Paso nº 2: Asegurarse de que el conductor no va borracho. Jose, suerte que el zumo de naranja del desayuno no dio positivo en el control de alcoholemia que nos hicieron en Barcelona. Ah, la ventanilla del conductor, al empezar el viaje, ya no podía abrirse del todo.

Paso nº3: Intentar abrir dicha ventanilla, y al no conseguirlo, hacerla explotar en mil pedazos a la salida de un peaje. Vaya…

Paso nº4: Ir sin ventanilla hasta Pamplona, tapados como esquimales, y conseguir al menos dos costipados.

Paso nº5: Recibir una supuesta furgoneta de siete plazas (a penas cabíamos cinco) y seguir metiendo a nueve personas dentro.

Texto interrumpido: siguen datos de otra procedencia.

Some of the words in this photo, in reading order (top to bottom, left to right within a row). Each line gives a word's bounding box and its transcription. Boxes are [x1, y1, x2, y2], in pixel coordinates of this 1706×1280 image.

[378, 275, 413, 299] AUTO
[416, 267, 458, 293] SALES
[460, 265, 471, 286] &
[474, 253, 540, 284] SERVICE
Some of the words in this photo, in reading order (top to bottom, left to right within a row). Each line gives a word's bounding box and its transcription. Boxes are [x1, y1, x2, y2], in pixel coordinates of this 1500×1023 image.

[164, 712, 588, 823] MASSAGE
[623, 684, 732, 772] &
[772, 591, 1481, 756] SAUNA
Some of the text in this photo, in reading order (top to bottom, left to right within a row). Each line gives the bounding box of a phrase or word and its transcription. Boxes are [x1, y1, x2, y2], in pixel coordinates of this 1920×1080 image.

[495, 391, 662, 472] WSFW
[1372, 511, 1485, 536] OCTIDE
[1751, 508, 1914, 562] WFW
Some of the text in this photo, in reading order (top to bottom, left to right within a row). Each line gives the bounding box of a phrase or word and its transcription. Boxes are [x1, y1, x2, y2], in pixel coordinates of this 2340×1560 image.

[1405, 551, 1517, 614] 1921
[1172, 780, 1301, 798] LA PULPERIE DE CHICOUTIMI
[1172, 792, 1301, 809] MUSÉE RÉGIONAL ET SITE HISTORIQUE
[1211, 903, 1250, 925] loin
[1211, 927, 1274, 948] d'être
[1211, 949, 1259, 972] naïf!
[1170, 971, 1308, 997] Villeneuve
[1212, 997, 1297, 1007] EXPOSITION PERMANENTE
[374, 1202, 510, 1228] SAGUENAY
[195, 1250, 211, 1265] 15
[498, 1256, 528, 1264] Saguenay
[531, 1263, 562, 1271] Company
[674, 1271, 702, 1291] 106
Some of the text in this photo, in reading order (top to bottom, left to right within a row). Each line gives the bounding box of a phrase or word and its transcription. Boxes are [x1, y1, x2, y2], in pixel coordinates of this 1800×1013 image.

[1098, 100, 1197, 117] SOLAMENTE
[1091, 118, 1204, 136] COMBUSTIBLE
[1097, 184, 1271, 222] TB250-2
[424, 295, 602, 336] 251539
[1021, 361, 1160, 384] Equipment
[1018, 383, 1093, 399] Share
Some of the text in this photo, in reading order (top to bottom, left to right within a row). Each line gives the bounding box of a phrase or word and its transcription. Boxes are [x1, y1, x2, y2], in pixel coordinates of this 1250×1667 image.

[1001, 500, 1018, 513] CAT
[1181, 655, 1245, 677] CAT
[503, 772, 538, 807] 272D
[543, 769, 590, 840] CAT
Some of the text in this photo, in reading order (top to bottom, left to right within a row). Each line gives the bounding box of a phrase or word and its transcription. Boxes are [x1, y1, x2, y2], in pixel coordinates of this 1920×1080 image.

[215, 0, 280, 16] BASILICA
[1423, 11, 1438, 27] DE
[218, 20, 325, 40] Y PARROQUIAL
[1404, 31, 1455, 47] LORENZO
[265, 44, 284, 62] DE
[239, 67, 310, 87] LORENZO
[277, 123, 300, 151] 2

A parte de las incidencias ya mencionadas, todo muy bien. Entrenamos de jueves por la tarde a sábado por la mañana con los navarros, los vascos y la “selección” catalana. Un calentamiento muy divertido a base de juegos y mucho randori. Los entrenamientos no fueron demasiado “técnico-tácticos” (pum, dame un ippon); randoris con los ojos cerrados y horarios marcados por la luz solar que entraba en el tatami.

Vivimos un “Gran Hermano” de tres días pero con las mismas aventuras que en tres meses. Éramos una gran familia: cocinábamos casi todos, fregábamos casi todos… casi todos hacíamos algo.

La última noche salimos a comer pinchos y a visitar Pamplona. Había mucha gente por la calle y mucho ambiente. En fin, cuatro días de convivencia y mucho judo que esperamos repetir el año que viene.